Congressman Aaron Schock speaks to the media as he arrives at an immigration reform panel hosted by the Illinois Business Immigration Coalition Monday, March 9, 2015, at St. Ignatius College Prep in Chicago. Schock resigned Tuesday amid controversy over his spending habits. (Nancy Stone/Chicago Tribune/TNS)

By Caitlin Wilson, Reboot Illinois

The legal battle of former U.S. Rep. Aaron Schock, R-Peoria, is still being waged by his attorneys and federal prosecutors over which congressional documents Schock must turn over to the courts as potential evidence of his possible mishandling of campaign and taxpayer money during his time in office.

Schock’s lawyers told the court Aug. 21 that their client owns some of the congressional records sought by the court and doesn’t have to turn them in under the Fifth Amendment protection against self-incrimination.

The Chicago Tribune reports that Schock was almost held in contempt of court the day before, for the second time, for refusing to hand the documents in: On Thursday, the top federal prosecutor in the case asked U.S. District Court Judge Sue Myerscough in Springfield to consider holding Schock in contempt of court for failing to produce documents.


Assistant U.S. Attorney Timothy Bass wrote in a court filing Thursday that “No court has recognized that a public official … has a constitutional right under the Fifth Amendment to avoid the compelled production of publicly-funded, non-private, public or official records within his official … office.”
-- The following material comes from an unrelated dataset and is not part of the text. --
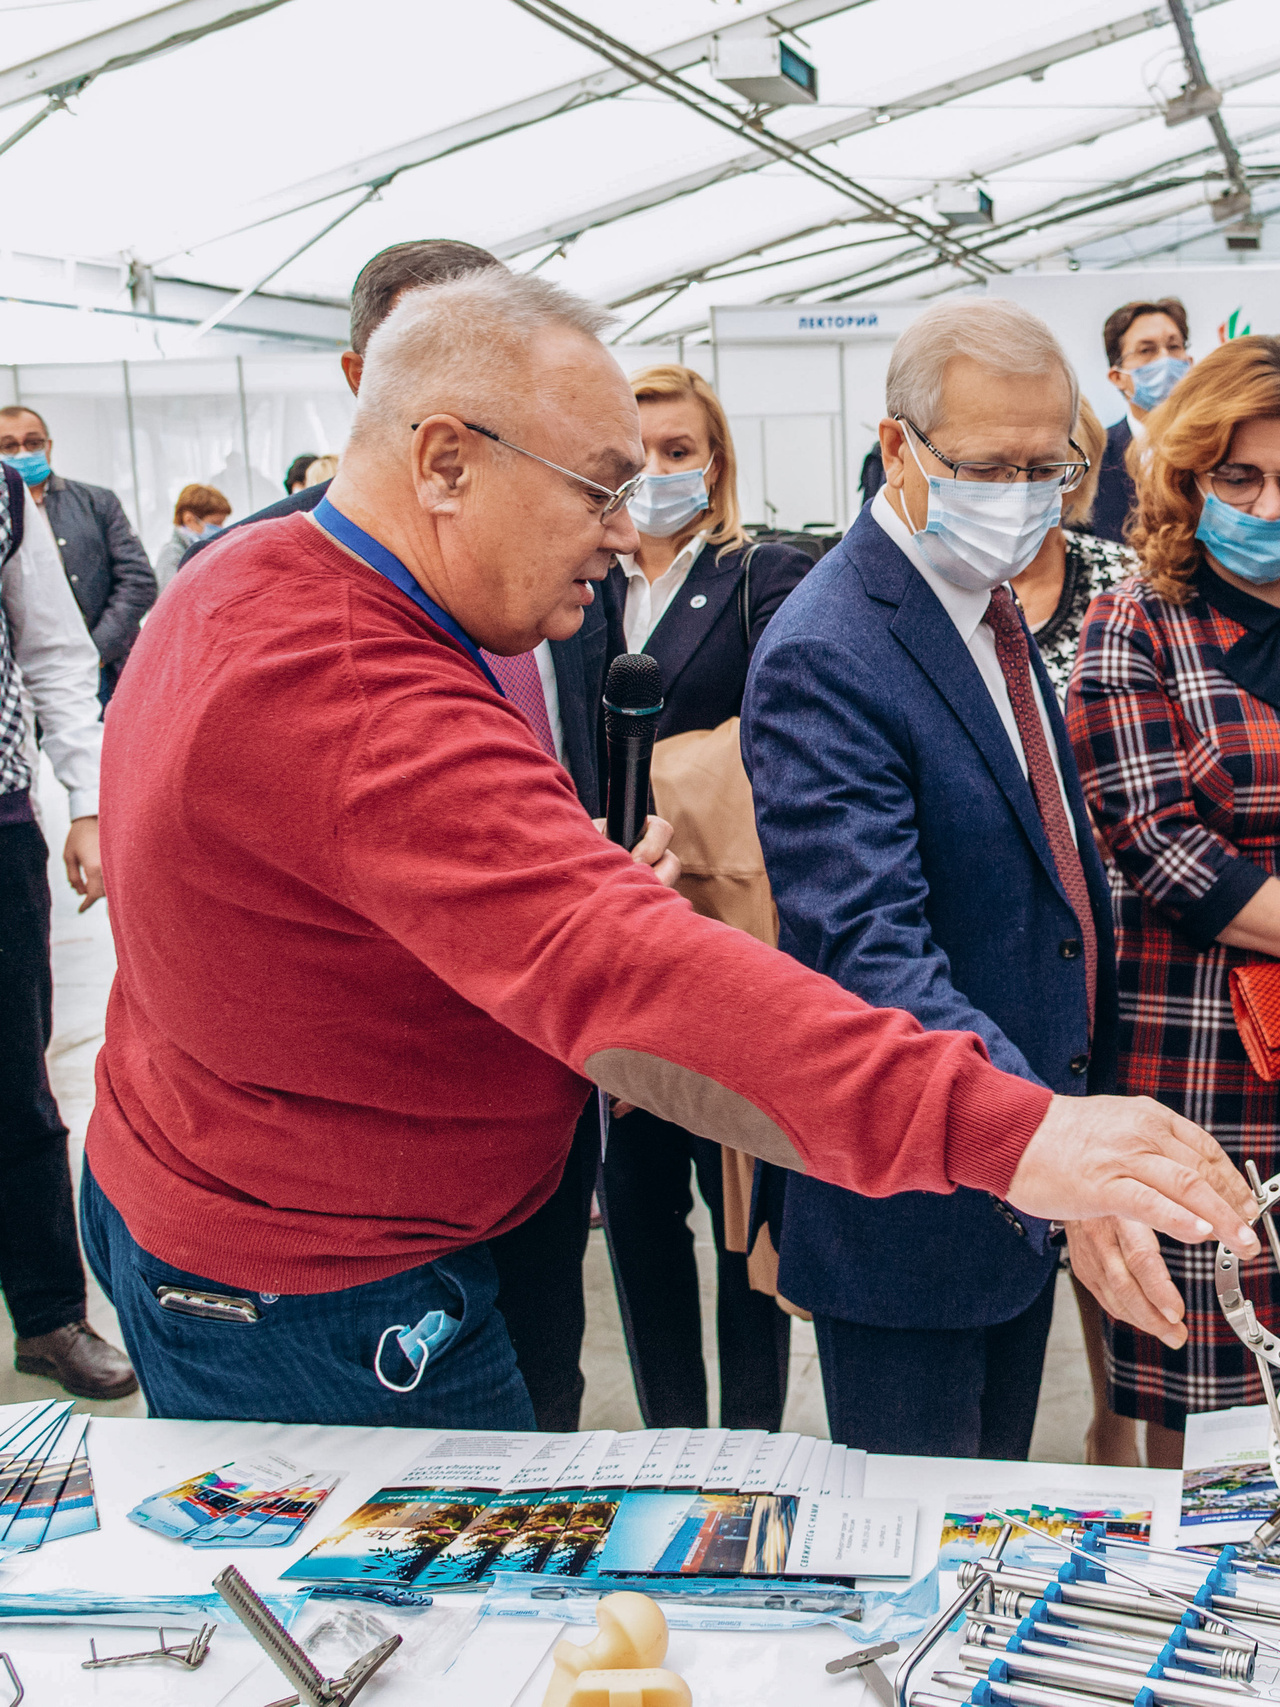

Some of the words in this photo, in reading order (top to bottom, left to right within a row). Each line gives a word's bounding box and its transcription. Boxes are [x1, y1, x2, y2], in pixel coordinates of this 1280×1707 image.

[798, 313, 879, 329] ЛЕКТОРИЙ
[800, 1530, 815, 1567] СВЯЖИТЕСЬ
[809, 1503, 819, 1522] НАМИ
Another hearing meant to resolve the records questions is set for Aug. 28 in Springfield as a federal grand jury continues its investigation of Schock’s spending during his time in the U.S. House of Representatives, which ended when he resigned in March.
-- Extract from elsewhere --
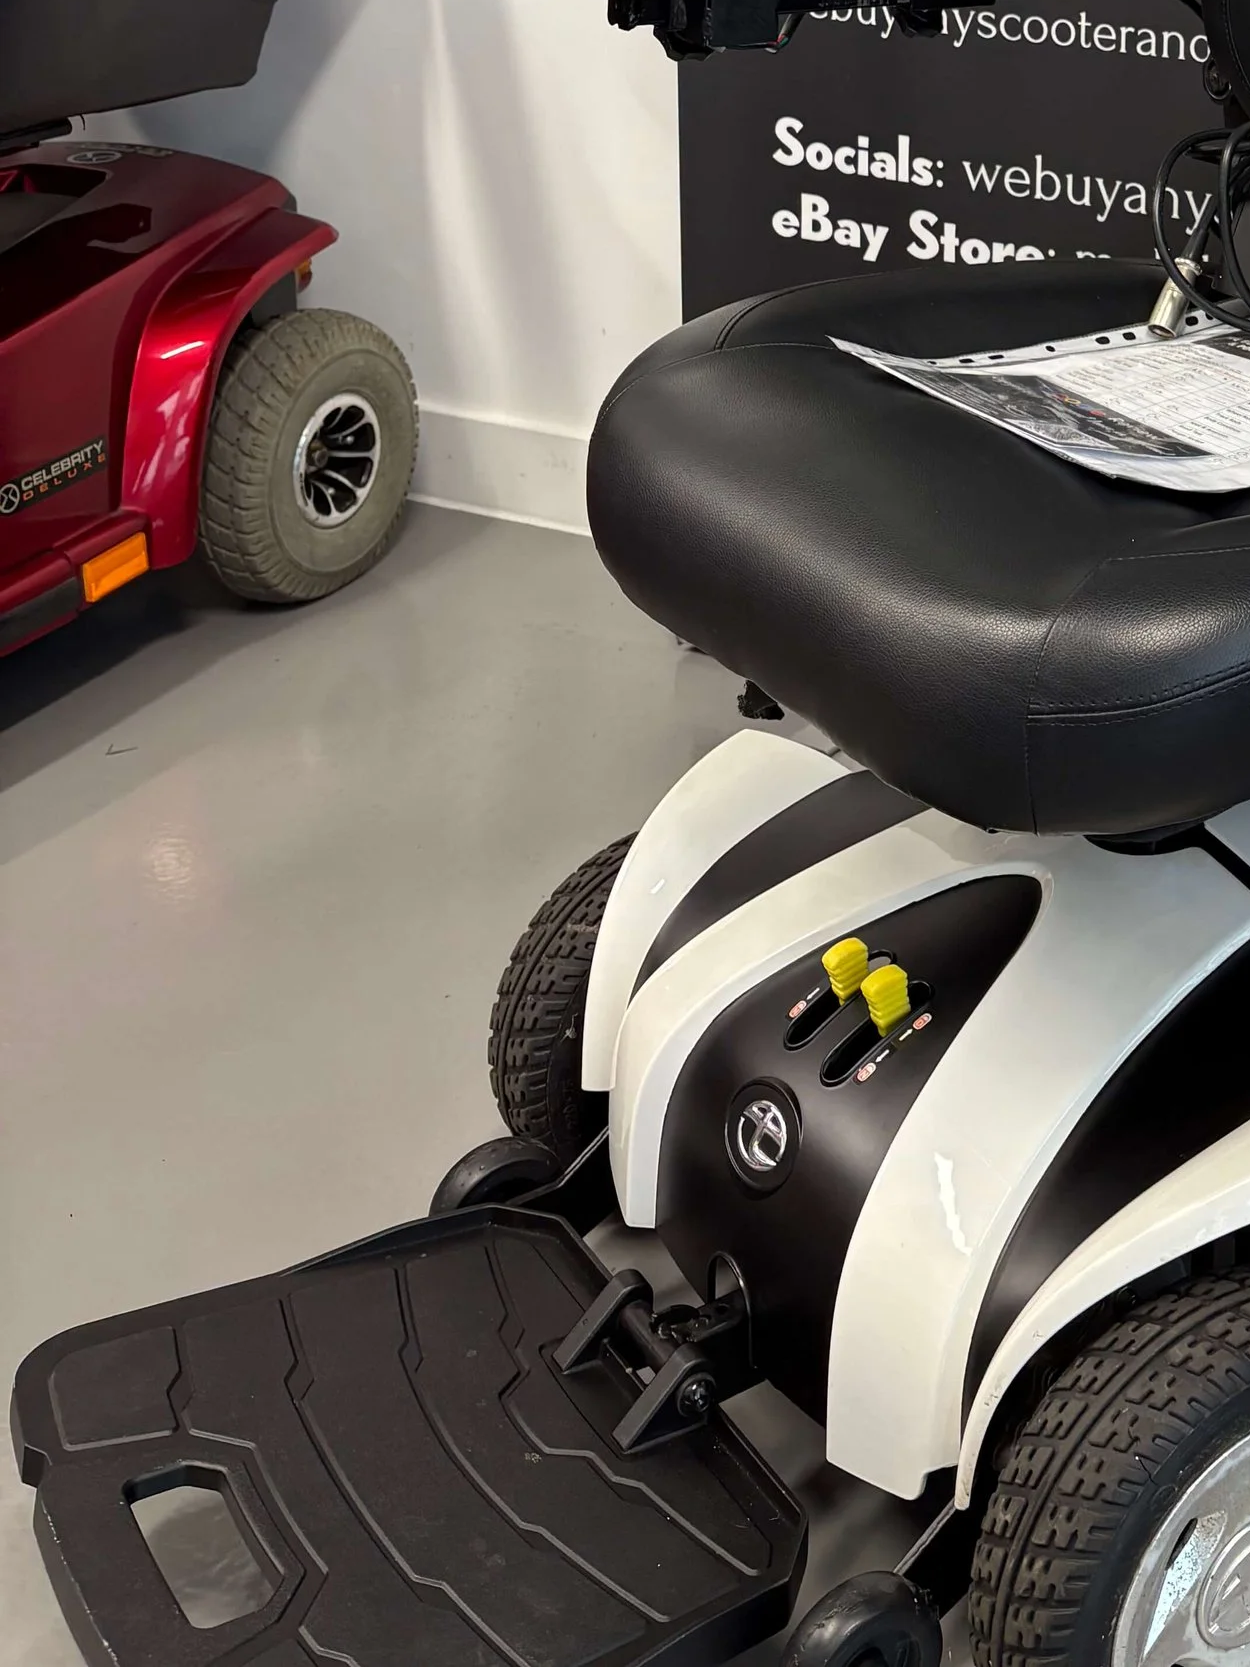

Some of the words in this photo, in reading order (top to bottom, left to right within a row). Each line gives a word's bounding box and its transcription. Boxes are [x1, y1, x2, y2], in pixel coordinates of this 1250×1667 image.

The Chicago Sun-Times’ Lynn Sweet spoke with one of Schock’s former congressional staffers, Ben Cole about the Instagram-famous representative’s time in office. Cole was Schock’s communications director for about a year before he resigned when his racially charged social media posts caught the attention of media outlets in February, around the same time that Schock’s spending came into public question.

Cole got caught up in the spotlight of the situation when he tried to deter a Washington Post reporter from publishing a story about Schock’s office, newly redecorated with red walls, pheasant feathers, and bronze busts of political figures, in the style of the British show “Downton Abbey.”

He told Sweet how the whole thing began: Cole said that one day in January, he was with Schock in the newly painted fire-engine red office, where some decorative items were already in place.

Cole recalled that Schock asked him what he thought of the work in progress. Cole said he told him, “This looks like Liberace’s drawing room. It’s way overdone, and I don’t think this is good.”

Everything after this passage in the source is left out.